Selain pengukuran tidur, peserta menjalani pemindaian PET untuk mengukur akumulasi beta amiloid di otak mereka dan memberikan sampel darah untuk menganalisis kadar protein tau dan BDNF terfosforilasi. Pendekatan multi-modal ini memungkinkan para peneliti untuk memeriksa beberapa penanda biologis yang terkait dengan penyakit Alzheimer secara bersamaan.
Hasil
Peserta dengan tidur REM yang tertunda menunjukkan tingkat protein terkait Alzheimer yang jauh lebih tinggi. Secara khusus, mereka memiliki 16% lebih banyak beta amiloid di otak mereka dan 29% lebih banyak tau terfosforilasi dalam darah mereka dibandingkan dengan mereka yang memasuki tidur REM lebih awal. Mereka juga menunjukkan tingkat BDNF 39% lebih rendah, protein yang penting untuk kesehatan otak dan biasanya berkurang pada penyakit Alzheimer.
Hubungan ini tetap signifikan bahkan setelah memperhitungkan berbagai faktor termasuk usia, jenis kelamin, faktor risiko genetik (khususnya gen APOE ε4), dan status kognitif. Hubungan antara keterlambatan tidur REM dan penanda biologis ini konsisten di semua kelompok peserta, terlepas dari status kognitif mereka.
Keterbatasan
Penelitian ini memiliki beberapa keterbatasan penting. Sebagai studi cross-sectional, penelitian ini hanya dapat menunjukkan hubungan antara waktu tidur REM dan penanda Alzheimer, bukan membuktikan hubungan sebab-akibat. Ukuran sampel, meskipun cukup untuk temuan awal, relatif kecil, terutama bila dibagi menjadi beberapa subkelompok.
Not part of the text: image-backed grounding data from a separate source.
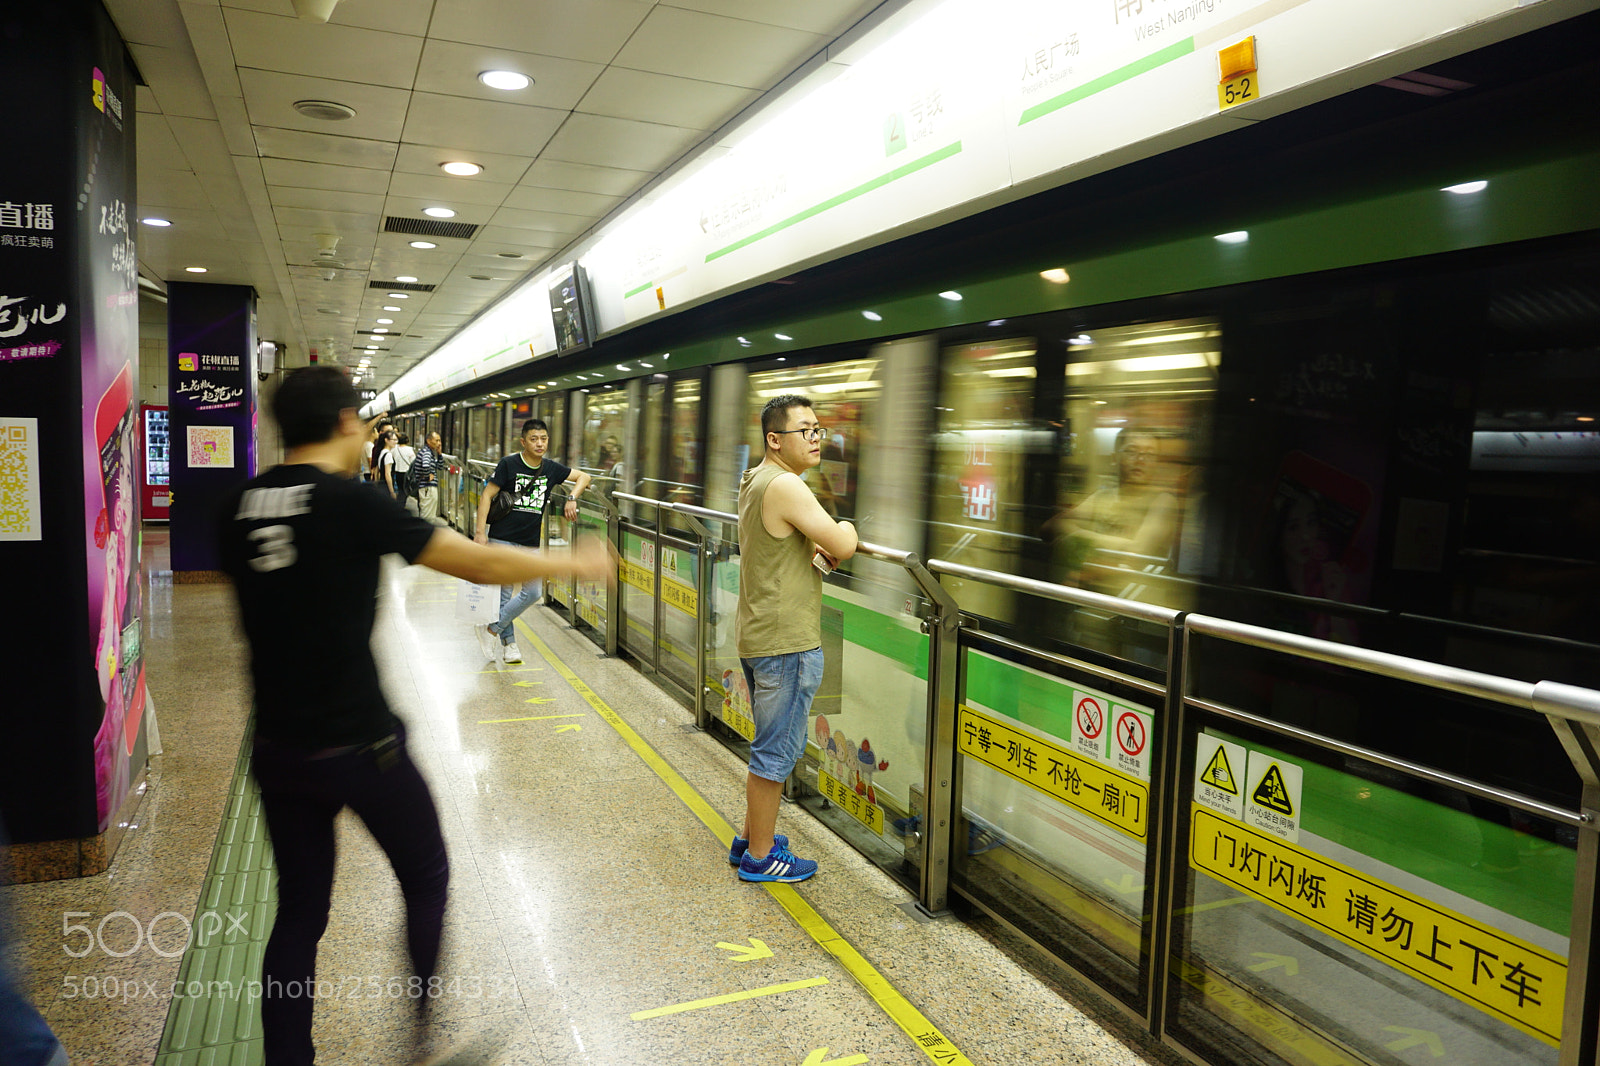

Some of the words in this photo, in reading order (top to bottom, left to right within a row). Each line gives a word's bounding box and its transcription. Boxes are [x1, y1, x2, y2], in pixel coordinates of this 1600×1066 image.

[1134, 17, 1164, 41] West
[1167, 0, 1214, 27] Nanjing
[1021, 32, 1080, 81] 人民广场
[1225, 78, 1252, 104] 5-2
[888, 111, 900, 142] 2
[1, 234, 54, 249] 疯狂卖萌
[202, 355, 239, 365] 花椒直播
[247, 525, 298, 573] 3
[1078, 737, 1099, 751] 禁止吸烟
[964, 721, 1037, 774] 宁等一列车
[1047, 757, 1140, 823] 不抢一扇门
[1199, 795, 1211, 804] Mind
[1211, 800, 1221, 809] your
[1221, 804, 1237, 815] hands
[1204, 787, 1232, 804] 当心夹手
[1249, 805, 1295, 831] 小心站台间隙
[1213, 830, 1327, 909] 门灯闪烁
[1345, 888, 1542, 1009] 请勿上下车
[916, 1031, 958, 1065] 请小
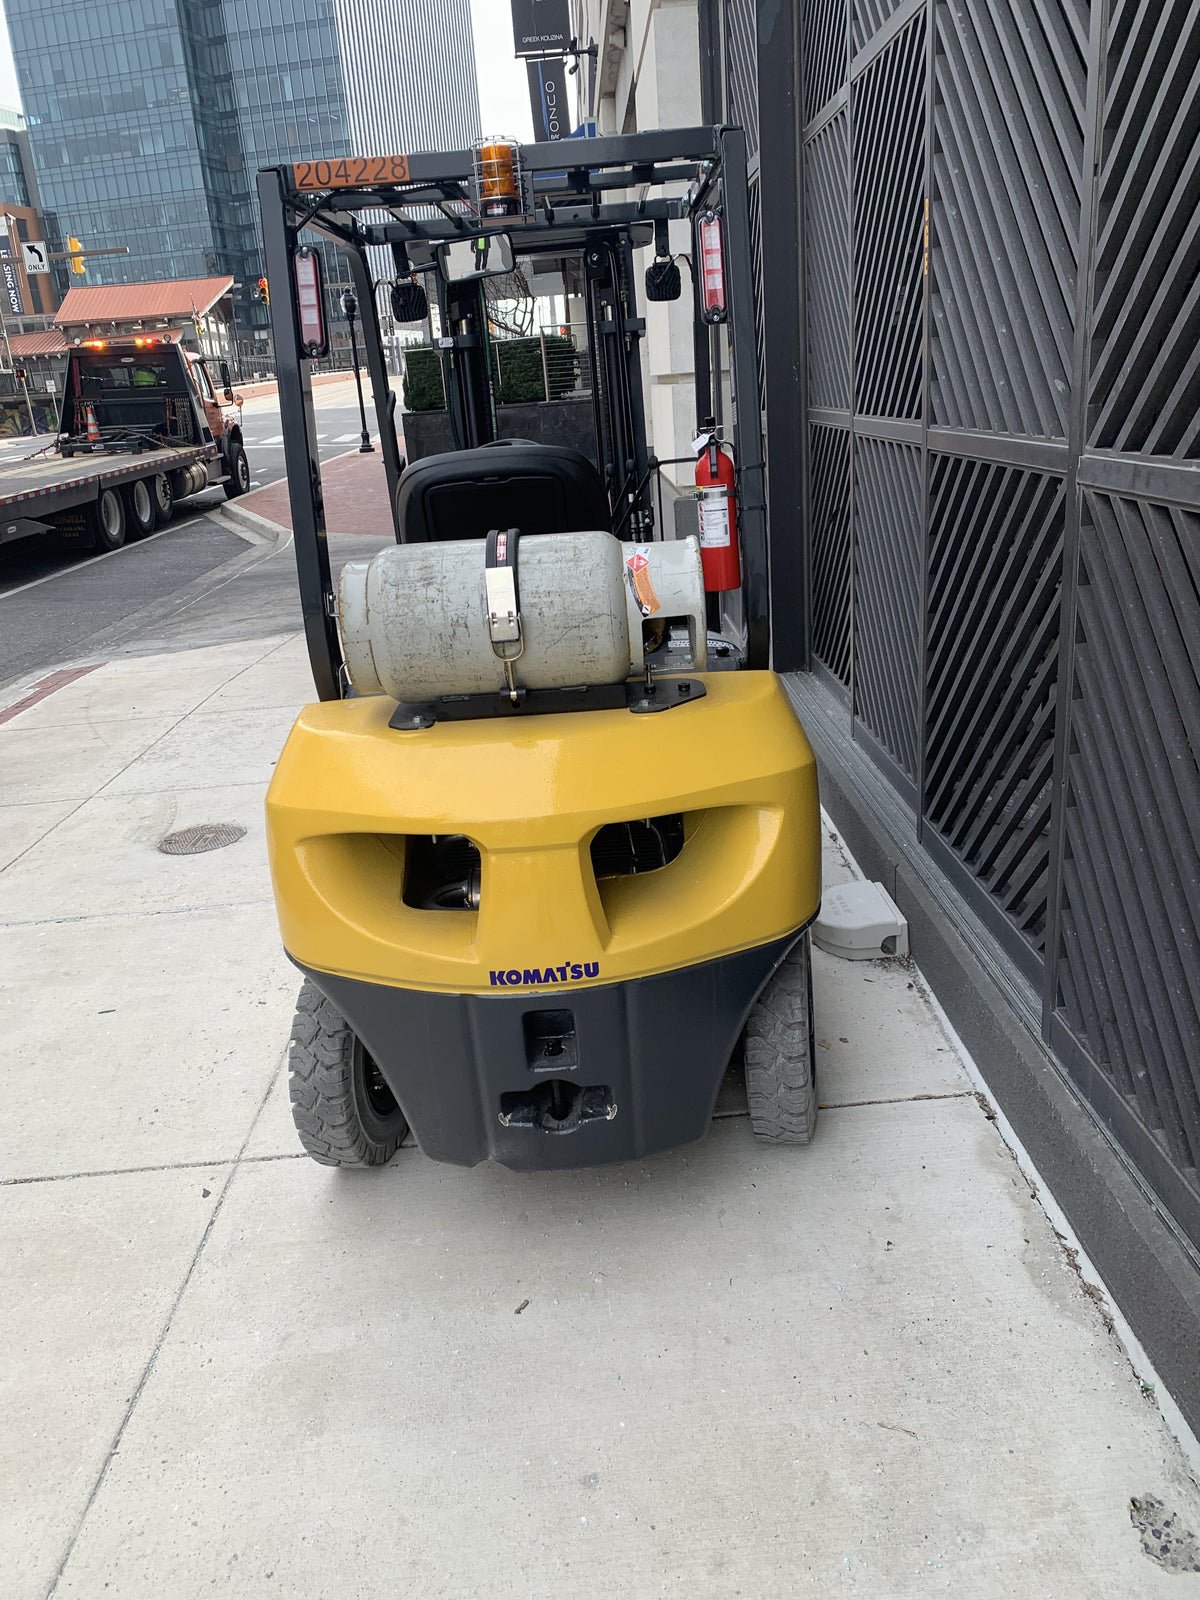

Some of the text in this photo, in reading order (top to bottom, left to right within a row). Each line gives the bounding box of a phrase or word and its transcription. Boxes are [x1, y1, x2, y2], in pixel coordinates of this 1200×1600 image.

Pengaturan rumah sakit untuk studi tidur, meskipun diperlukan untuk pengukuran yang tepat, mungkin tidak secara sempurna mencerminkan pola tidur khas peserta di rumah. Selain itu, penelitian ini hanya menangkap data tidur satu malam per peserta, yang mungkin tidak mewakili pola tidur mereka biasanya.
Diskusi dan Kesimpulan
Penelitian ini menunjukkan bahwa tidur REM yang tertunda dapat menjadi penanda baru risiko penyakit Alzheimer, dan berpotensi menawarkan jalan baru untuk deteksi dini. Temuan ini juga menyoroti pentingnya pola tidur yang sehat dalam kesehatan otak dan menunjukkan bahwa perawatan yang menargetkan tidur dapat membantu mengubah perkembangan penyakit.
Studi ini didasarkan pada penelitian sebelumnya yang menghubungkan gangguan tidur dengan penyakit Alzheimer, namun secara khusus menyoroti potensi pentingnya waktu tidur REM. Hal ini dapat mengarah pada pendekatan terapi baru, termasuk potensi penggunaan obat-obatan yang mempengaruhi pola tidur REM.
Pendanaan dan Pengungkapan
Penelitian ini mendapat dukungan dari Kementerian Sains dan Teknologi Tiongkok (hibah #2021ZD0201902) dan Komisi Kesehatan Nasional (hibah #2020ZD10). Meskipun sebagian besar peneliti melaporkan tidak ada konflik kepentingan, beberapa anggota tim mengungkapkan menerima dana dari perusahaan farmasi dan memelihara hubungan konsultasi dengan organisasi medis.
Informasi Publikasi
Diterbitkan di Alzheimer & Demensia (2025), studi “Asosiasi latensi tidur gerakan mata cepat dengan biomarker multimodal penyakit Alzheimer” mewakili upaya kolaboratif antara institusi di Tiongkok, Amerika Serikat, Spanyol, dan negara lain. Penelitian ini dipimpin oleh rekan penulis pertama Jiangli Jin, MD, dari Rumah Sakit Persahabatan Tiongkok-Jepang dan Fakultas Kedokteran Klinis di Beijing, dan Jiong Chen dari Institut Teknologi Medis, Pusat Ilmu Kesehatan Universitas Peking, dengan penulis senior Yue Leng , PhD, dan Dantao Peng, MD.